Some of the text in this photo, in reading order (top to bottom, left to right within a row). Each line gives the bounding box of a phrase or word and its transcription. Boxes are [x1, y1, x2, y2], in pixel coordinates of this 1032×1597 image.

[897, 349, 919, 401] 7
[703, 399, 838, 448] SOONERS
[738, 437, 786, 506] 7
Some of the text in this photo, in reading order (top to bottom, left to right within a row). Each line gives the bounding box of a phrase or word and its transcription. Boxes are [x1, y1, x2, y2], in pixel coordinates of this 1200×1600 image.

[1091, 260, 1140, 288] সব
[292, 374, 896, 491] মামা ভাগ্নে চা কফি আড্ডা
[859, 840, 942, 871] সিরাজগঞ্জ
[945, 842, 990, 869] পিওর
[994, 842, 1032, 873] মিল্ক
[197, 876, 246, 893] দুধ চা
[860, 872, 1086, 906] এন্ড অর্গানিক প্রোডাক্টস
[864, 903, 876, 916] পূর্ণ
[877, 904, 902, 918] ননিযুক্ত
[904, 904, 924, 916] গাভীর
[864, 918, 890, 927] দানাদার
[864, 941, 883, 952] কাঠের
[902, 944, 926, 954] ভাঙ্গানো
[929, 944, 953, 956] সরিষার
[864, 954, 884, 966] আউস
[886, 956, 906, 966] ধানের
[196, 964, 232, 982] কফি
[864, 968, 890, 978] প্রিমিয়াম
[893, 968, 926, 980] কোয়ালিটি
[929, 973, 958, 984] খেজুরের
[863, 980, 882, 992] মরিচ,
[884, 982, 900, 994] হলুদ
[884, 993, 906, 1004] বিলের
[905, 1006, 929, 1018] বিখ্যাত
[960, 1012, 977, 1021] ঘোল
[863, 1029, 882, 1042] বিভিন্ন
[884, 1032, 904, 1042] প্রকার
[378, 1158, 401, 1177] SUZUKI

_ _ _

The complete listing must be reproduced exactly as written.

■ Answer for this exercise ■
Some of the text in this photo, in reading order (top to bottom, left to right within a row). Each line gives the bounding box of a phrase or word and its transcription. Boxes are [x1, y1, x2, y2], in pixel coordinates of this 1032×1597 image.

[897, 349, 919, 401] 7
[703, 399, 838, 448] SOONERS
[738, 437, 786, 506] 7
Some of the text in this photo, in reading order (top to bottom, left to right within a row). Each line gives the bounding box of a phrase or word and its transcription. Boxes are [x1, y1, x2, y2], in pixel coordinates of this 1200×1600 image.

[1091, 260, 1140, 288] সব
[292, 374, 896, 491] মামা ভাগ্নে চা কফি আড্ডা
[859, 840, 942, 871] সিরাজগঞ্জ
[945, 842, 990, 869] পিওর
[994, 842, 1032, 873] মিল্ক
[197, 876, 246, 893] দুধ চা
[860, 872, 1086, 906] এন্ড অর্গানিক প্রোডাক্টস
[864, 903, 876, 916] পূর্ণ
[877, 904, 902, 918] ননিযুক্ত
[904, 904, 924, 916] গাভীর
[864, 918, 890, 927] দানাদার
[864, 941, 883, 952] কাঠের
[902, 944, 926, 954] ভাঙ্গানো
[929, 944, 953, 956] সরিষার
[864, 954, 884, 966] আউস
[886, 956, 906, 966] ধানের
[196, 964, 232, 982] কফি
[864, 968, 890, 978] প্রিমিয়াম
[893, 968, 926, 980] কোয়ালিটি
[929, 973, 958, 984] খেজুরের
[863, 980, 882, 992] মরিচ,
[884, 982, 900, 994] হলুদ
[884, 993, 906, 1004] বিলের
[905, 1006, 929, 1018] বিখ্যাত
[960, 1012, 977, 1021] ঘোল
[863, 1029, 882, 1042] বিভিন্ন
[884, 1032, 904, 1042] প্রকার
[378, 1158, 401, 1177] SUZUKI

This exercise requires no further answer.